- TASK DIRECTIONS -
Without changing anything, copy out each entry.

- Entries taken from a collection -
┌────────

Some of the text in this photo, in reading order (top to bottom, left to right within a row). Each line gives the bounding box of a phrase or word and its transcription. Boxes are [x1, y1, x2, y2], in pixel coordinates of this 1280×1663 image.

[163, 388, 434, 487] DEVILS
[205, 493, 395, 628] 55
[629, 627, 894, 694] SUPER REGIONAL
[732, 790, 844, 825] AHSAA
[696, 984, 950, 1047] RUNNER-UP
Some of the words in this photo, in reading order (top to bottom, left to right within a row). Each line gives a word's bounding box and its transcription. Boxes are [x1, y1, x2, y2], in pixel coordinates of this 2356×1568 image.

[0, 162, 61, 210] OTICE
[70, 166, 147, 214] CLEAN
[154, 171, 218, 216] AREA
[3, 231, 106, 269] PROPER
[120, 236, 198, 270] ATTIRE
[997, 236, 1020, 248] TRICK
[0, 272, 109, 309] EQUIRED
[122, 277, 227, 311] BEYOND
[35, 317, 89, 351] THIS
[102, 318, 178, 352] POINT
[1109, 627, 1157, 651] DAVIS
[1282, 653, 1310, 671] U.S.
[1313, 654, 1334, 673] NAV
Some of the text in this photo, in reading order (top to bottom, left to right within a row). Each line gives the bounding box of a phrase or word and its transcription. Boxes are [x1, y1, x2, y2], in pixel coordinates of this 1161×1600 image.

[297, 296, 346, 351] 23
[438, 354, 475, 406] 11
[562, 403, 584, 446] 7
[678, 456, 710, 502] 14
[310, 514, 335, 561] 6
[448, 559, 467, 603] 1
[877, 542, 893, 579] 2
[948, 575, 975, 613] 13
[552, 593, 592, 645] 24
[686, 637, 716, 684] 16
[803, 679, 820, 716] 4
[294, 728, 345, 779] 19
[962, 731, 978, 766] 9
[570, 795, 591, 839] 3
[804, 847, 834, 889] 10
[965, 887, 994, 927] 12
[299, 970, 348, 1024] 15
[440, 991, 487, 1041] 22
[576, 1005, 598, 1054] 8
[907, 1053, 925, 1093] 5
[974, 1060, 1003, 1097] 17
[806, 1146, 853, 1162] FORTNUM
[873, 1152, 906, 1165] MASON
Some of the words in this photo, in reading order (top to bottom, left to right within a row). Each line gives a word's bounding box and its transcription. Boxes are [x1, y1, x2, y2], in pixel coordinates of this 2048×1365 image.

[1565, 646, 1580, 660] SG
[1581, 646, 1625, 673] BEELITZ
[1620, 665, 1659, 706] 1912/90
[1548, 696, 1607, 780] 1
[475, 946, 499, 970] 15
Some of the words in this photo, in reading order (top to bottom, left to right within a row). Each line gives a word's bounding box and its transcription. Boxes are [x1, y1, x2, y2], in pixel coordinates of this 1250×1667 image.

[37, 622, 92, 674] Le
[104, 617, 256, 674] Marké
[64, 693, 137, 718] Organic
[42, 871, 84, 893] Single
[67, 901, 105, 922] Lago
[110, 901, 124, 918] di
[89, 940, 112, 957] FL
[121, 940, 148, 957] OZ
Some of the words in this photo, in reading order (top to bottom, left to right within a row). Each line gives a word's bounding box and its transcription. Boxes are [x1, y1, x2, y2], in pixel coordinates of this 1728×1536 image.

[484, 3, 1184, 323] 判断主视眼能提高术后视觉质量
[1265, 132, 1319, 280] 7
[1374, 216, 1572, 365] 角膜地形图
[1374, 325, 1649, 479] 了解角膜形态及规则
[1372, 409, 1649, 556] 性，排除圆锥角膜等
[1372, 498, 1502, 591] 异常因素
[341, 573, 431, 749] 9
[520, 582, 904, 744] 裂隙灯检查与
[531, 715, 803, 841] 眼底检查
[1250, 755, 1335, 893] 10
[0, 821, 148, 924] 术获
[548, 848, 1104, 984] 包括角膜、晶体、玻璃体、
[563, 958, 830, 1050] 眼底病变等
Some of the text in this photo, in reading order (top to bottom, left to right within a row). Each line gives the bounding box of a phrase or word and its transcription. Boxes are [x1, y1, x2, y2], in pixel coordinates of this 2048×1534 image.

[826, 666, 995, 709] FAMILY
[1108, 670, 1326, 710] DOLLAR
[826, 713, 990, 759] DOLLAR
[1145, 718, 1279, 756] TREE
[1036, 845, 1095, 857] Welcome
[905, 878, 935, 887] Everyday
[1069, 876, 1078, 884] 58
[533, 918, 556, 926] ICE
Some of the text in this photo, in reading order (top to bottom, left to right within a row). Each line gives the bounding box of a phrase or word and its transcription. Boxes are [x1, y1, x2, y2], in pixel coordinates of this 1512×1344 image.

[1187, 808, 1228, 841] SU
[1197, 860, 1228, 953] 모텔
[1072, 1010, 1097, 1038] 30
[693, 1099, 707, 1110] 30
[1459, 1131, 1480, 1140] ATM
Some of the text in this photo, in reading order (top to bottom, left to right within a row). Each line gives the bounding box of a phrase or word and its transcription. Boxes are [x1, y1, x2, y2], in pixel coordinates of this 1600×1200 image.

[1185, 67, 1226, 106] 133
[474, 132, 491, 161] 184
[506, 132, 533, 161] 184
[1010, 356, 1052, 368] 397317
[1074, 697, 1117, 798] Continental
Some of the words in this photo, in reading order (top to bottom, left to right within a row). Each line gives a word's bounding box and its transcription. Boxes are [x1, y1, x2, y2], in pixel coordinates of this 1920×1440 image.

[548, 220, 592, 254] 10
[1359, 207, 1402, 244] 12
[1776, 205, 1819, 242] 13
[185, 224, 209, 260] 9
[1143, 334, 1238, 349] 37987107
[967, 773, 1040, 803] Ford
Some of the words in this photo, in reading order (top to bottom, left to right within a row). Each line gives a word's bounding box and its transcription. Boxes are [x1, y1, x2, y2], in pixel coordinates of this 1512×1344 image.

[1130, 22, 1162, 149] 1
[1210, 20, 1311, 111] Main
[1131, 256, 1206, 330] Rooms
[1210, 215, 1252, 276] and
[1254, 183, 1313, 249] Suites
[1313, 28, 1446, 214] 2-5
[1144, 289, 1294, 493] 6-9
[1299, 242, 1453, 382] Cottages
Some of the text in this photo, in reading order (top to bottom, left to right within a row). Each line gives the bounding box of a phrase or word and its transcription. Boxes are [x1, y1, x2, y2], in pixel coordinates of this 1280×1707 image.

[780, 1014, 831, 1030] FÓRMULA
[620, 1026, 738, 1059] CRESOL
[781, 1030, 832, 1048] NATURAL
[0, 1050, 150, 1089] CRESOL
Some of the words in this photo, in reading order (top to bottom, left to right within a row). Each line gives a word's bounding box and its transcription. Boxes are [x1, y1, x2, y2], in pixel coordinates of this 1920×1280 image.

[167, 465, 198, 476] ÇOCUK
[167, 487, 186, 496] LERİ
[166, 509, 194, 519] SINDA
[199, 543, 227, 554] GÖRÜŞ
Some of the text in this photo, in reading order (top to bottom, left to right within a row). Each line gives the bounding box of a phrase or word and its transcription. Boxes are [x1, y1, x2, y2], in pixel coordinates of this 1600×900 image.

└────────

- OUTPUT OF THE EXERCISE -
Some of the text in this photo, in reading order (top to bottom, left to right within a row). Each line gives the bounding box of a phrase or word and its transcription. Boxes are [x1, y1, x2, y2], in pixel coordinates of this 1280×1663 image.

[163, 388, 434, 487] DEVILS
[205, 493, 395, 628] 55
[629, 627, 894, 694] SUPER REGIONAL
[732, 790, 844, 825] AHSAA
[696, 984, 950, 1047] RUNNER-UP
Some of the words in this photo, in reading order (top to bottom, left to right within a row). Each line gives a word's bounding box and its transcription. Boxes are [x1, y1, x2, y2], in pixel coordinates of this 2356×1568 image.

[0, 162, 61, 210] OTICE
[70, 166, 147, 214] CLEAN
[154, 171, 218, 216] AREA
[3, 231, 106, 269] PROPER
[120, 236, 198, 270] ATTIRE
[997, 236, 1020, 248] TRICK
[0, 272, 109, 309] EQUIRED
[122, 277, 227, 311] BEYOND
[35, 317, 89, 351] THIS
[102, 318, 178, 352] POINT
[1109, 627, 1157, 651] DAVIS
[1282, 653, 1310, 671] U.S.
[1313, 654, 1334, 673] NAV
Some of the text in this photo, in reading order (top to bottom, left to right within a row). Each line gives the bounding box of a phrase or word and its transcription. Boxes are [x1, y1, x2, y2], in pixel coordinates of this 1161×1600 image.

[297, 296, 346, 351] 23
[438, 354, 475, 406] 11
[562, 403, 584, 446] 7
[678, 456, 710, 502] 14
[310, 514, 335, 561] 6
[448, 559, 467, 603] 1
[877, 542, 893, 579] 2
[948, 575, 975, 613] 13
[552, 593, 592, 645] 24
[686, 637, 716, 684] 16
[803, 679, 820, 716] 4
[294, 728, 345, 779] 19
[962, 731, 978, 766] 9
[570, 795, 591, 839] 3
[804, 847, 834, 889] 10
[965, 887, 994, 927] 12
[299, 970, 348, 1024] 15
[440, 991, 487, 1041] 22
[576, 1005, 598, 1054] 8
[907, 1053, 925, 1093] 5
[974, 1060, 1003, 1097] 17
[806, 1146, 853, 1162] FORTNUM
[873, 1152, 906, 1165] MASON
Some of the words in this photo, in reading order (top to bottom, left to right within a row). Each line gives a word's bounding box and its transcription. Boxes are [x1, y1, x2, y2], in pixel coordinates of this 2048×1365 image.

[1565, 646, 1580, 660] SG
[1581, 646, 1625, 673] BEELITZ
[1620, 665, 1659, 706] 1912/90
[1548, 696, 1607, 780] 1
[475, 946, 499, 970] 15
Some of the words in this photo, in reading order (top to bottom, left to right within a row). Each line gives a word's bounding box and its transcription. Boxes are [x1, y1, x2, y2], in pixel coordinates of this 1250×1667 image.

[37, 622, 92, 674] Le
[104, 617, 256, 674] Marké
[64, 693, 137, 718] Organic
[42, 871, 84, 893] Single
[67, 901, 105, 922] Lago
[110, 901, 124, 918] di
[89, 940, 112, 957] FL
[121, 940, 148, 957] OZ
Some of the words in this photo, in reading order (top to bottom, left to right within a row). Each line gives a word's bounding box and its transcription. Boxes are [x1, y1, x2, y2], in pixel coordinates of this 1728×1536 image.

[484, 3, 1184, 323] 判断主视眼能提高术后视觉质量
[1265, 132, 1319, 280] 7
[1374, 216, 1572, 365] 角膜地形图
[1374, 325, 1649, 479] 了解角膜形态及规则
[1372, 409, 1649, 556] 性，排除圆锥角膜等
[1372, 498, 1502, 591] 异常因素
[341, 573, 431, 749] 9
[520, 582, 904, 744] 裂隙灯检查与
[531, 715, 803, 841] 眼底检查
[1250, 755, 1335, 893] 10
[0, 821, 148, 924] 术获
[548, 848, 1104, 984] 包括角膜、晶体、玻璃体、
[563, 958, 830, 1050] 眼底病变等
Some of the text in this photo, in reading order (top to bottom, left to right within a row). Each line gives the bounding box of a phrase or word and its transcription. Boxes are [x1, y1, x2, y2], in pixel coordinates of this 2048×1534 image.

[826, 666, 995, 709] FAMILY
[1108, 670, 1326, 710] DOLLAR
[826, 713, 990, 759] DOLLAR
[1145, 718, 1279, 756] TREE
[1036, 845, 1095, 857] Welcome
[905, 878, 935, 887] Everyday
[1069, 876, 1078, 884] 58
[533, 918, 556, 926] ICE
Some of the text in this photo, in reading order (top to bottom, left to right within a row). Each line gives the bounding box of a phrase or word and its transcription. Boxes are [x1, y1, x2, y2], in pixel coordinates of this 1512×1344 image.

[1187, 808, 1228, 841] SU
[1197, 860, 1228, 953] 모텔
[1072, 1010, 1097, 1038] 30
[693, 1099, 707, 1110] 30
[1459, 1131, 1480, 1140] ATM
Some of the text in this photo, in reading order (top to bottom, left to right within a row). Each line gives the bounding box of a phrase or word and its transcription. Boxes are [x1, y1, x2, y2], in pixel coordinates of this 1600×1200 image.

[1185, 67, 1226, 106] 133
[474, 132, 491, 161] 184
[506, 132, 533, 161] 184
[1010, 356, 1052, 368] 397317
[1074, 697, 1117, 798] Continental
Some of the words in this photo, in reading order (top to bottom, left to right within a row). Each line gives a word's bounding box and its transcription. Boxes are [x1, y1, x2, y2], in pixel coordinates of this 1920×1440 image.

[548, 220, 592, 254] 10
[1359, 207, 1402, 244] 12
[1776, 205, 1819, 242] 13
[185, 224, 209, 260] 9
[1143, 334, 1238, 349] 37987107
[967, 773, 1040, 803] Ford
Some of the words in this photo, in reading order (top to bottom, left to right within a row). Each line gives a word's bounding box and its transcription. Boxes are [x1, y1, x2, y2], in pixel coordinates of this 1512×1344 image.

[1130, 22, 1162, 149] 1
[1210, 20, 1311, 111] Main
[1131, 256, 1206, 330] Rooms
[1210, 215, 1252, 276] and
[1254, 183, 1313, 249] Suites
[1313, 28, 1446, 214] 2-5
[1144, 289, 1294, 493] 6-9
[1299, 242, 1453, 382] Cottages
Some of the text in this photo, in reading order (top to bottom, left to right within a row). Each line gives the bounding box of a phrase or word and its transcription. Boxes are [x1, y1, x2, y2], in pixel coordinates of this 1280×1707 image.

[780, 1014, 831, 1030] FÓRMULA
[620, 1026, 738, 1059] CRESOL
[781, 1030, 832, 1048] NATURAL
[0, 1050, 150, 1089] CRESOL
Some of the words in this photo, in reading order (top to bottom, left to right within a row). Each line gives a word's bounding box and its transcription. Boxes are [x1, y1, x2, y2], in pixel coordinates of this 1920×1280 image.

[167, 465, 198, 476] ÇOCUK
[167, 487, 186, 496] LERİ
[166, 509, 194, 519] SINDA
[199, 543, 227, 554] GÖRÜŞ
Some of the text in this photo, in reading order (top to bottom, left to right within a row). Each line gives the bounding box of a phrase or word and its transcription. Boxes are [x1, y1, x2, y2], in pixel coordinates of this 1600×900 image.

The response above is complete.